▸ TO DO
Each entry below needs to be reproduced exactly as given.

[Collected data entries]
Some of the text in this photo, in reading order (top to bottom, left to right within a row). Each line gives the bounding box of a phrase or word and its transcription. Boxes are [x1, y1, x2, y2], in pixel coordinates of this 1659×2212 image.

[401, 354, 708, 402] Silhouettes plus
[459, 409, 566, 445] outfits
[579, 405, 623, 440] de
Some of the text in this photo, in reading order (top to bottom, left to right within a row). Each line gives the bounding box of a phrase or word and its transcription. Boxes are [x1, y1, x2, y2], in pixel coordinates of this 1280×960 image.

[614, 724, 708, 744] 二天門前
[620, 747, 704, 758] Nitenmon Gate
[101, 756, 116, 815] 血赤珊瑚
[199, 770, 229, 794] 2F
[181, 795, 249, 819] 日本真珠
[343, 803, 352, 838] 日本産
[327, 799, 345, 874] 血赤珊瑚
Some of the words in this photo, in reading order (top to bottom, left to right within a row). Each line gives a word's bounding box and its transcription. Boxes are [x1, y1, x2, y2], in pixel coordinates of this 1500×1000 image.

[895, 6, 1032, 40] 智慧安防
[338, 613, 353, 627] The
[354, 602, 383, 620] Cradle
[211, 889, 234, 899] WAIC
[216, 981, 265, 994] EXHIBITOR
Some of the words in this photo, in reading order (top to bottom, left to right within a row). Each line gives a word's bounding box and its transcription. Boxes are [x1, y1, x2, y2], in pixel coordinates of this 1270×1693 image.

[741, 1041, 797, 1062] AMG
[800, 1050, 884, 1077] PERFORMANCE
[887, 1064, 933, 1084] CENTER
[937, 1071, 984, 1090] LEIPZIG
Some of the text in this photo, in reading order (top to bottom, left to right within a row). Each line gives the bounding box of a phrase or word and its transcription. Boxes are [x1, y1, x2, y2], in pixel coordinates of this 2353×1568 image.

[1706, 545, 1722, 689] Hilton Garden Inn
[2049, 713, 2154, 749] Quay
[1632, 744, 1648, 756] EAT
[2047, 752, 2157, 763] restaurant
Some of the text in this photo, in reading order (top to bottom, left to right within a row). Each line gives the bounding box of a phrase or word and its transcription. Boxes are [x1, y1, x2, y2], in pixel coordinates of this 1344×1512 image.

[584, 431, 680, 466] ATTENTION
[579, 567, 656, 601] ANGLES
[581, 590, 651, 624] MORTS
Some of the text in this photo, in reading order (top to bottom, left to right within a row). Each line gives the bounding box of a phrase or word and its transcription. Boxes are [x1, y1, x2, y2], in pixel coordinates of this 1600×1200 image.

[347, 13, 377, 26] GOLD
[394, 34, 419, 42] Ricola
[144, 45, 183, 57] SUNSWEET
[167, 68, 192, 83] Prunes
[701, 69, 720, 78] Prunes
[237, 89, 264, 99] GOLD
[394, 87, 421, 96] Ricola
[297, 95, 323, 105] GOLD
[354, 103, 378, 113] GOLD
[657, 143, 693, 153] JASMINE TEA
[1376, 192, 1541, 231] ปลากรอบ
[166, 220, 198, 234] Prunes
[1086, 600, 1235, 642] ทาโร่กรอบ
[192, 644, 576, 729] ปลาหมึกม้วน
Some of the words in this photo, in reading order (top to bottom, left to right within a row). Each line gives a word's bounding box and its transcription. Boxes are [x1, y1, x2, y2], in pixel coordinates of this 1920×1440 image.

▸ EXERCISE ANSWER
Some of the text in this photo, in reading order (top to bottom, left to right within a row). Each line gives the bounding box of a phrase or word and its transcription. Boxes are [x1, y1, x2, y2], in pixel coordinates of this 1659×2212 image.

[401, 354, 708, 402] Silhouettes plus
[459, 409, 566, 445] outfits
[579, 405, 623, 440] de
Some of the text in this photo, in reading order (top to bottom, left to right within a row). Each line gives the bounding box of a phrase or word and its transcription. Boxes are [x1, y1, x2, y2], in pixel coordinates of this 1280×960 image.

[614, 724, 708, 744] 二天門前
[620, 747, 704, 758] Nitenmon Gate
[101, 756, 116, 815] 血赤珊瑚
[199, 770, 229, 794] 2F
[181, 795, 249, 819] 日本真珠
[343, 803, 352, 838] 日本産
[327, 799, 345, 874] 血赤珊瑚
Some of the words in this photo, in reading order (top to bottom, left to right within a row). Each line gives a word's bounding box and its transcription. Boxes are [x1, y1, x2, y2], in pixel coordinates of this 1500×1000 image.

[895, 6, 1032, 40] 智慧安防
[338, 613, 353, 627] The
[354, 602, 383, 620] Cradle
[211, 889, 234, 899] WAIC
[216, 981, 265, 994] EXHIBITOR
Some of the words in this photo, in reading order (top to bottom, left to right within a row). Each line gives a word's bounding box and its transcription. Boxes are [x1, y1, x2, y2], in pixel coordinates of this 1270×1693 image.

[741, 1041, 797, 1062] AMG
[800, 1050, 884, 1077] PERFORMANCE
[887, 1064, 933, 1084] CENTER
[937, 1071, 984, 1090] LEIPZIG
Some of the text in this photo, in reading order (top to bottom, left to right within a row). Each line gives the bounding box of a phrase or word and its transcription. Boxes are [x1, y1, x2, y2], in pixel coordinates of this 2353×1568 image.

[1706, 545, 1722, 689] Hilton Garden Inn
[2049, 713, 2154, 749] Quay
[1632, 744, 1648, 756] EAT
[2047, 752, 2157, 763] restaurant
Some of the text in this photo, in reading order (top to bottom, left to right within a row). Each line gives the bounding box of a phrase or word and its transcription. Boxes are [x1, y1, x2, y2], in pixel coordinates of this 1344×1512 image.

[584, 431, 680, 466] ATTENTION
[579, 567, 656, 601] ANGLES
[581, 590, 651, 624] MORTS
Some of the text in this photo, in reading order (top to bottom, left to right within a row). Each line gives the bounding box of a phrase or word and its transcription. Boxes are [x1, y1, x2, y2], in pixel coordinates of this 1600×1200 image.

[347, 13, 377, 26] GOLD
[394, 34, 419, 42] Ricola
[144, 45, 183, 57] SUNSWEET
[167, 68, 192, 83] Prunes
[701, 69, 720, 78] Prunes
[237, 89, 264, 99] GOLD
[394, 87, 421, 96] Ricola
[297, 95, 323, 105] GOLD
[354, 103, 378, 113] GOLD
[657, 143, 693, 153] JASMINE TEA
[1376, 192, 1541, 231] ปลากรอบ
[166, 220, 198, 234] Prunes
[1086, 600, 1235, 642] ทาโร่กรอบ
[192, 644, 576, 729] ปลาหมึกม้วน
Some of the words in this photo, in reading order (top to bottom, left to right within a row). Each line gives a word's bounding box and its transcription. Boxes are [x1, y1, x2, y2], in pixel coordinates of this 1920×1440 image.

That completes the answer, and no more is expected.